▶ [WHAT YOU WILL DO]: Transcribe the entries exactly. Omit the pictures.

--- START ---

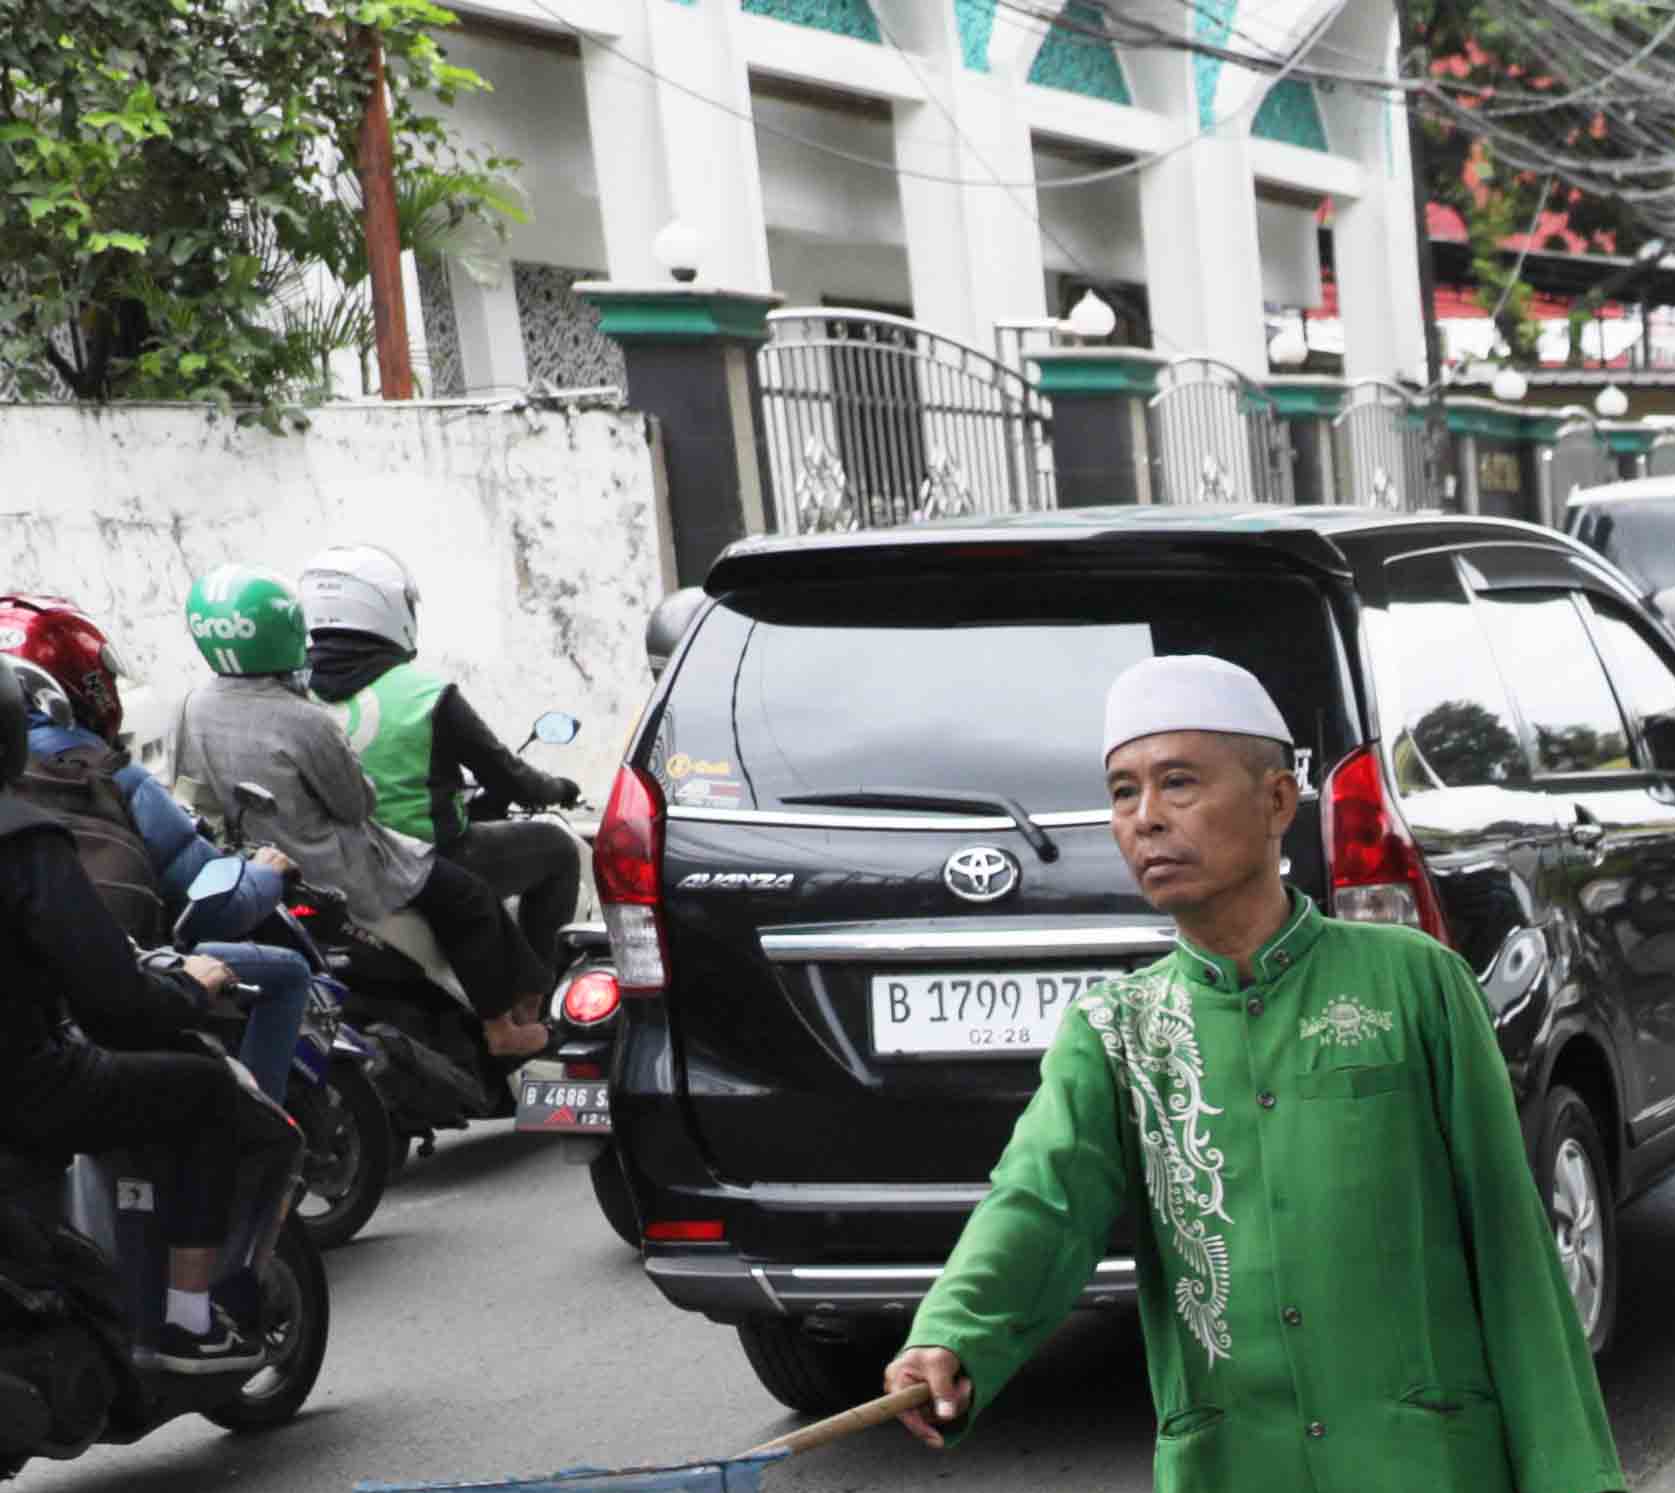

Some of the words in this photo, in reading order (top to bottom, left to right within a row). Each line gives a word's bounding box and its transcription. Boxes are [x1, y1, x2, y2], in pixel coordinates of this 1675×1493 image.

[190, 612, 256, 640] Grab
[676, 873, 794, 889] AVANZA
[888, 982, 911, 1023] B
[927, 980, 1022, 1023] 1799
[526, 1086, 537, 1105] B

--- END ---

▶ [REPLY TO THE EXERCISE]:
Some of the words in this photo, in reading order (top to bottom, left to right within a row). Each line gives a word's bounding box and its transcription. Boxes are [x1, y1, x2, y2], in pixel coordinates of this 1675×1493 image.

[190, 612, 256, 640] Grab
[676, 873, 794, 889] AVANZA
[888, 982, 911, 1023] B
[927, 980, 1022, 1023] 1799
[526, 1086, 537, 1105] B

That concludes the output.